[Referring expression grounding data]
* * * * * * *

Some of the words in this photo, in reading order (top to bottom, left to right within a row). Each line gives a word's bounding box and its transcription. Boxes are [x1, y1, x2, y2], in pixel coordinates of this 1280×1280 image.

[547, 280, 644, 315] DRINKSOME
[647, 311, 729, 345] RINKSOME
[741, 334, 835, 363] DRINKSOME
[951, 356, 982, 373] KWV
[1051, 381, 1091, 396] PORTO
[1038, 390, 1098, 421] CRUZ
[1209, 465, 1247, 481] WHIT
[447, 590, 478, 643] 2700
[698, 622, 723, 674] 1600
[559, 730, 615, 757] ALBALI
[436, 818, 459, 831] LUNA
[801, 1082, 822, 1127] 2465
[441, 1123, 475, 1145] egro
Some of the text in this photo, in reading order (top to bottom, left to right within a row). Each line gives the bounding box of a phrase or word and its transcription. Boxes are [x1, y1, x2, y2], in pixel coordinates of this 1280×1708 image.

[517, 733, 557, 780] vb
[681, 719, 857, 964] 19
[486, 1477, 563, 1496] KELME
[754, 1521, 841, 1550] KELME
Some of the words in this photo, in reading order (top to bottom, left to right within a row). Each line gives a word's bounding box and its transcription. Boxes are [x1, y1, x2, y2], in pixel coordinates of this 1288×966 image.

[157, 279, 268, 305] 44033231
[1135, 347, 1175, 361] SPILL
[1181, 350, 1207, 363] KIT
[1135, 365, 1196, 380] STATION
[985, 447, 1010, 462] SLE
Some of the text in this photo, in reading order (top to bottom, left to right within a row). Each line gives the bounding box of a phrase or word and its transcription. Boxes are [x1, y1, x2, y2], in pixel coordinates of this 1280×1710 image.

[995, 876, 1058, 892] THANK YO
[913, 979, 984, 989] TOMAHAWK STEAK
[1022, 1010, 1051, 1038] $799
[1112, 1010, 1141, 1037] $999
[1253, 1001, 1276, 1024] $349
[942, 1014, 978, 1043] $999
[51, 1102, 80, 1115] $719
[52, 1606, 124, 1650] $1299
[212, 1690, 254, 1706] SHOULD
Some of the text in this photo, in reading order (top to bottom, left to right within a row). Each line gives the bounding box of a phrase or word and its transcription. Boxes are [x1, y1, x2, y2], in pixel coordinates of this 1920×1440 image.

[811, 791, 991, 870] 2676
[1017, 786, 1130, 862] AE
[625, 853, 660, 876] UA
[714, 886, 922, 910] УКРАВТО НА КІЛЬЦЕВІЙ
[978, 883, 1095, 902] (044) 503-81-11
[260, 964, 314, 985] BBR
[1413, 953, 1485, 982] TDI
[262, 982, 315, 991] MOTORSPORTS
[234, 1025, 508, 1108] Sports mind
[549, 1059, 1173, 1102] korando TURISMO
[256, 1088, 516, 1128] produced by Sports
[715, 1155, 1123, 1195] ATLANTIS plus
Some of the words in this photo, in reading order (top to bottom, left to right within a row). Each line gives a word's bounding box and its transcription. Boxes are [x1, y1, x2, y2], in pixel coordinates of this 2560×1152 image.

* * * * * * *

▶ PROBLEM DESCRIPTION:
Your output should be an exact copy of every line from the one containing "this 1920×1440 image." through the end of the records.

▶ RESPONSE TO THIS EXERCISE:
Some of the text in this photo, in reading order (top to bottom, left to right within a row). Each line gives the bounding box of a phrase or word and its transcription. Boxes are [x1, y1, x2, y2], in pixel coordinates of this 1920×1440 image.

[811, 791, 991, 870] 2676
[1017, 786, 1130, 862] AE
[625, 853, 660, 876] UA
[714, 886, 922, 910] УКРАВТО НА КІЛЬЦЕВІЙ
[978, 883, 1095, 902] (044) 503-81-11
[260, 964, 314, 985] BBR
[1413, 953, 1485, 982] TDI
[262, 982, 315, 991] MOTORSPORTS
[234, 1025, 508, 1108] Sports mind
[549, 1059, 1173, 1102] korando TURISMO
[256, 1088, 516, 1128] produced by Sports
[715, 1155, 1123, 1195] ATLANTIS plus
Some of the words in this photo, in reading order (top to bottom, left to right within a row). Each line gives a word's bounding box and its transcription. Boxes are [x1, y1, x2, y2], in pixel coordinates of this 2560×1152 image.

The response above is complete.